Among those institutions that do disclose this information to participants, there was considerable variation in the type of information and the way it is presented to potential research participants, found the researchers.
In their "snapshot" of how academic medical centers are managing the issue of conflicts of interest, the team sought to discover how much, if any, information about corporate sponsorship of clinical trials is reported to potential participants. They also said they hoped their study and others to come will help academic medical centers develop more effective conflict of interest disclosure policies.
Their findings were reported in a paper published in the February, 2006, edition of Academic Medicine.
The researchers said their findings indicate that institutions are grappling in their own ways with this important and complex issue. They added that more work is needed to develop national consensus on what exactly constitutes conflicts of interest and how information about them should be presented to potential research participants.
Financial interests that might create conflicts can range from corporate support for the costs of the trial and its personnel to a consulting contract to an investigator's ownership of stock in the sponsor.
A number of agencies, such as the Association of American Medical Colleges (AAMC), have recommended that one part of managing financial conflict of interest is to include information about it in the consent process that occurs between patients and researchers before enrollment in clinical trials.
"However, while the AAMC recommendations provide guidance when it comes to what and how to disclose potential conflicts, recommendations from other groups are not as clear," said Duke's Kevin Weinfurt, Ph.D., first author of the paper. "We wanted to see how institutions implemented the AAMC guidelines.

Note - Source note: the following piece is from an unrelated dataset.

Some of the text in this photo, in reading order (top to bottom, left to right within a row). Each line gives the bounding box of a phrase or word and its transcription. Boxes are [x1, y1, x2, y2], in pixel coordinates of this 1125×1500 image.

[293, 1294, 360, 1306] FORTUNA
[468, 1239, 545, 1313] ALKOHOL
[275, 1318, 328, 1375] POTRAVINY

We believe that our analysis shows that significant questions remain among academic medical centers about the exact goals of disclosure and how best to achieve and communicate them."
For their analysis, the team reviewed the conflict of interest policies from the 120 academic medical centers with institutional review boards (IRB), committees of specialists that evaluate clinical research protocols to ensure patient safety. Each institution's policies were obtained either from website searches or directly from the IRBs themselves. The researchers conducted the survey in February and March of 2004.
The new analysis is the first of many on the role of conflict of interest in medical research funded by a $3 million grant from the National Institutes of Health. The researchers said they hoped that results of the five-year effort -- "Conflict of Interest Notification Study" (COINS) – will help provide data to help institutions develop conflict of interest policies. COINS is headed by Jeremy Sugarman, M.D., a bioethicist at Johns Hopkins University.
"The field is moving quite rapidly, with recommendations like those from the AAMC being relatively new," Sugarman explained. "We would expect official policies put into place by institutions to lag behind guidance, but we are encouraged that institutions are taking the issue of conflict of interest seriously.
"I am not surprised, given the lack of data on the best way of disclosing conflicts, that all institutions have not adopted wholesale new and untested recommendations based on guidance from outside bodies who are similarly concerned about this important issue," Sugarman said.
When looking at an academic medical center's disclosure of conflict of interest to their trial participants, the researchers said there are three possible goals of disclosing to participants.
"The first is to ensure that patients have all the information they need in order to make an informed consent about participating in a trial," Weinfurt explained. "The information should be presented in such a way that patients understand the nature and likely consequences of any financial conflicts of interest."
The second possible goal of disclosure is to make sure that the research in question adheres to legal or regulatory requirements, said Weinfurt. The final goal of including conflict of interest information in the consent process is that it might serve as a deterrent to investigators or institutions from engaging in significant conflicts of interest, since they would have to disclose them to patients.
The researchers found a wide variety of ways different institutions communicate this information to their patients -- ranging from detailed information in the consent forms to required discussion between investigators and participants. Some consent forms mentioned only the sponsor by name, while others went into detail about where and how the sponsor's support was being spent.
"From our study, it appears that most of the policies in place at academic medical centers were the most consistent with the goal of avoiding legal liability," Weinfurt said. "While it is difficult to determine the motivation, it appears that the language usage in consent forms better served the legal goal than the informed choice or deterrent goal.
Both Weinfurt and Sugarman agreed that many institutions are unsure about how to move forward with conflict of interest disclosures, and they are looking for guidance. They believe that this and subsequent COINS studies can lead to different models that could then be tested.
"For example, would a simple disclosure that an individual investigator could benefit from the results of study be better understood by a participant than a long description of the nature and possible implications of the financial relationship?" Weinfurt said. "We are currently focusing on these sorts of issues."
In addition to Weinfurt and Sugarman, other members of the COINS team include, from Duke, Michaela Dinan, Jennifer Allsbrook, Joelle Friedman, Robert Califf, M.D., and Kevin Schulman, M.D. Also, Mark Hall, J.D., Wake Forest, is a member of the team. The Duke researchers are all part of the Center for Clinical and Genetic Economics, part of the Duke Clinical Research Institute.